The final factor to take into consideration is your hydration level. Dehydrations results in a direct increase in hematocrit by reducing the amount of plasma in the blood (i.e. the liquid component of blood). Therefore, staying hydrated is of paramount importance, as a single day of dehydration could be all it takes to initiate the formation of a blood clot. With all the other risk factors already working against us, why add another one to the list when it is so easily avoided? Stay well hydrated at all times and not only will it reduce your chances of having a stroke, but it will provide numerous other health benefits, as well.
While many younger steroid users, due to their current good health, tend to downplay the risks involved, there is not a single BB’r, who, after having experienced a serious adverse cardiovascular event, did not regret his decision to forgo comprehensive monitoring and preventative care. What many don’t realize is that much of the damage which takes place with AAS is accumulative. We don’t just wake up one day and all of a sudden have problems. They build up slowly, over time, starting when we are young and continue to worsen the longer these drugs are used until the day comes when the BB’r has an unexpected heart attack or stroke, or the doctor tells him that he will need triple bypass surgery at age 43.

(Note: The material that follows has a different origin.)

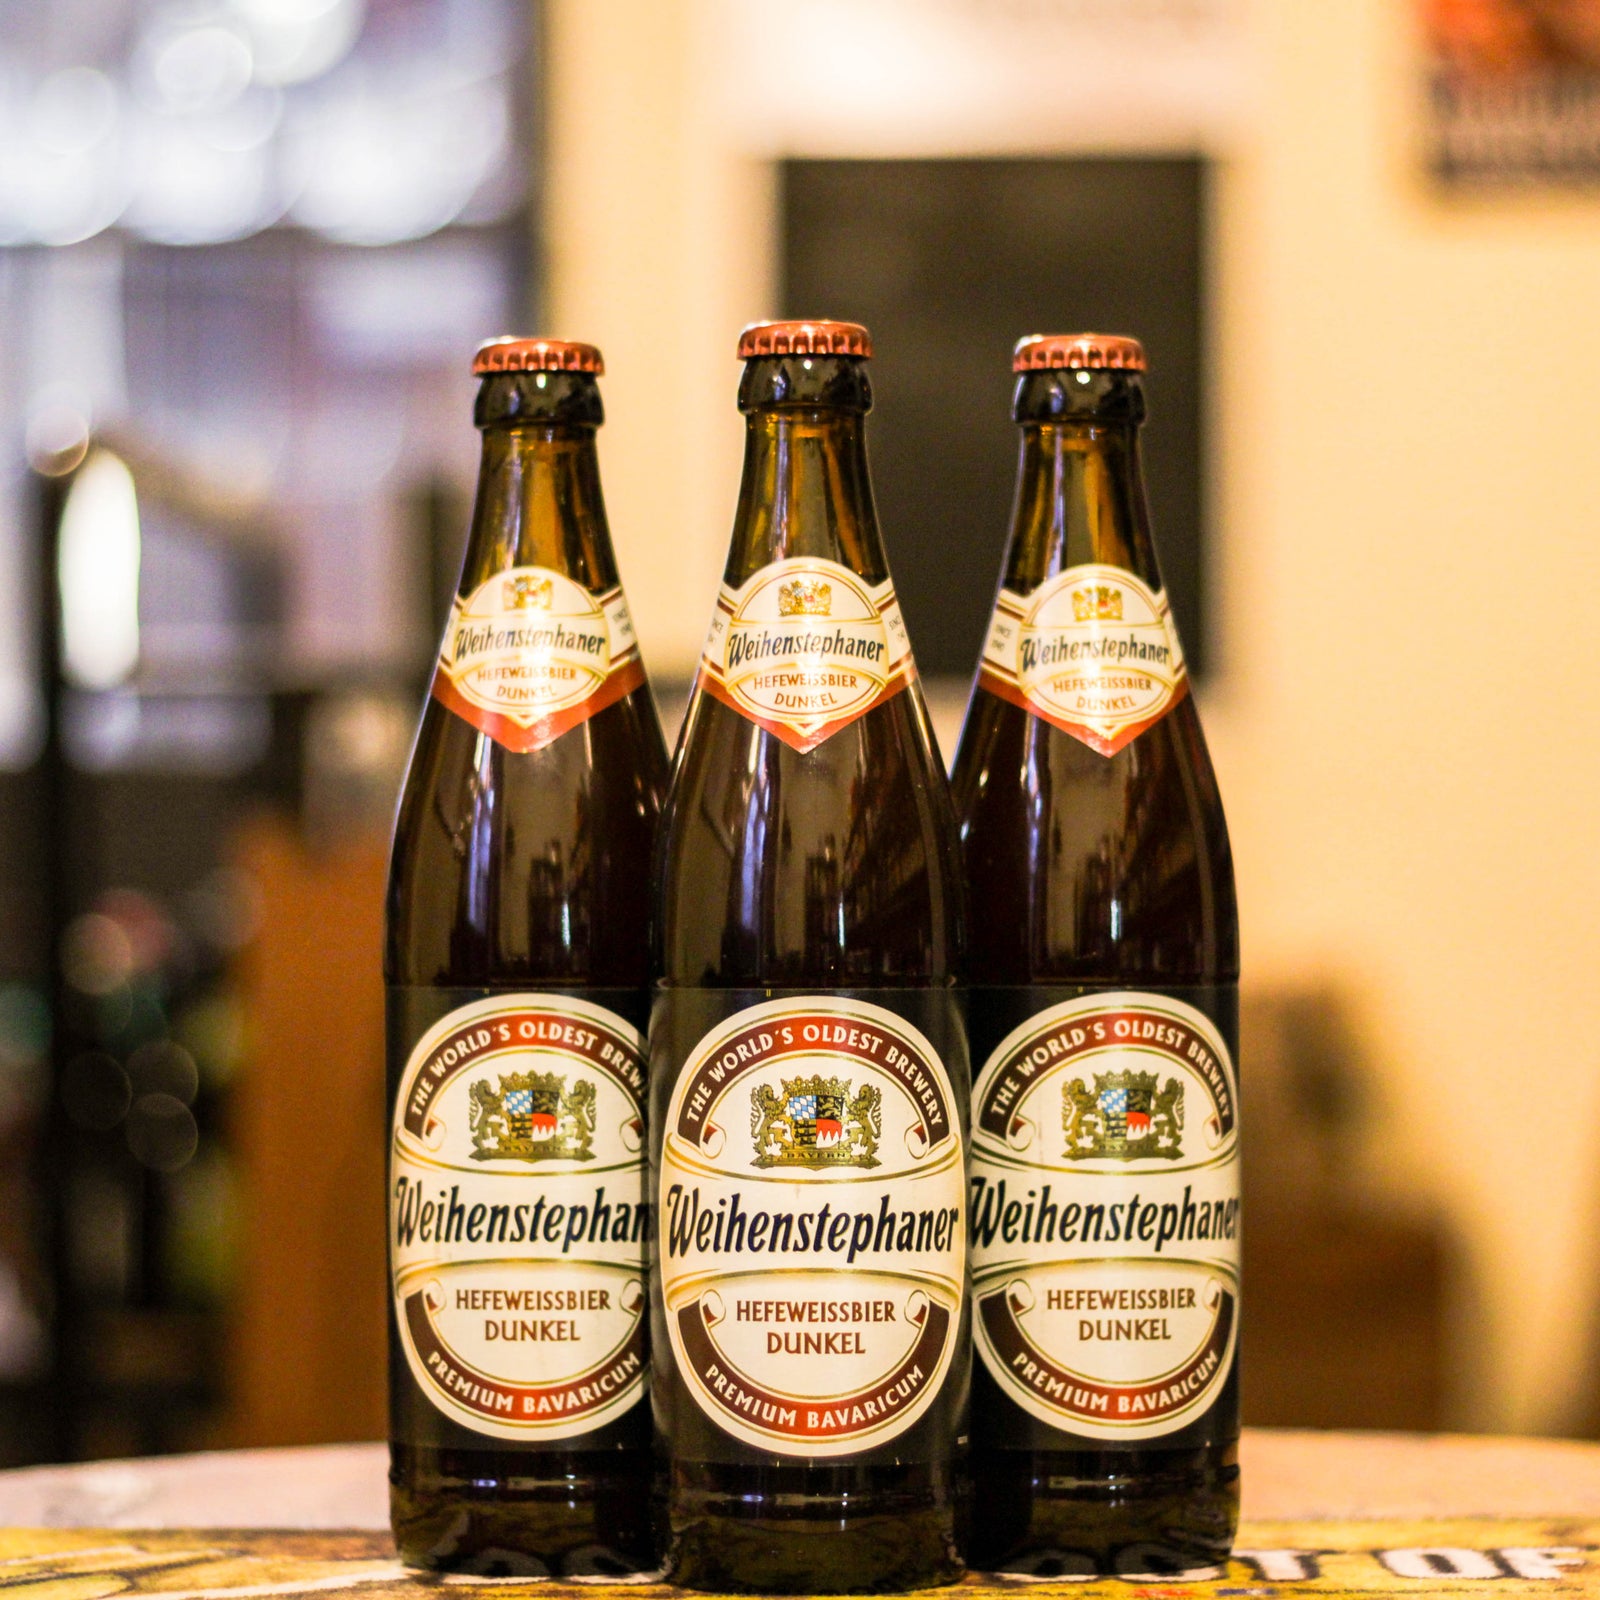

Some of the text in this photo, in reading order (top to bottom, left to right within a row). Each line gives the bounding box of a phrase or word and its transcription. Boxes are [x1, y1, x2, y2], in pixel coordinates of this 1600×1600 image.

And don’t think that if you make it through your steroid using days intact that you are off the hook. It doesn’t work that way. Since the damage is accumulative and long-lasting, once the damage has been done, the individual will continue remain at risk for developing serious cardiovascular health problems, even years after AAS have been discontinued. As steroid users we need to take responsibility for our health, as no one is going to do it for us. Just about every suggestion here, even the supplementation, can be implemented for either free or at a relatively low cost. In combination with these suggestions, bloodwork and blood pressure monitoring are an absolute must, as this is the only way to accurately track lipids, blood pressure, and hematocrit. Keep these health markers in range, and you greatly increase your chances of living a long, healthy life.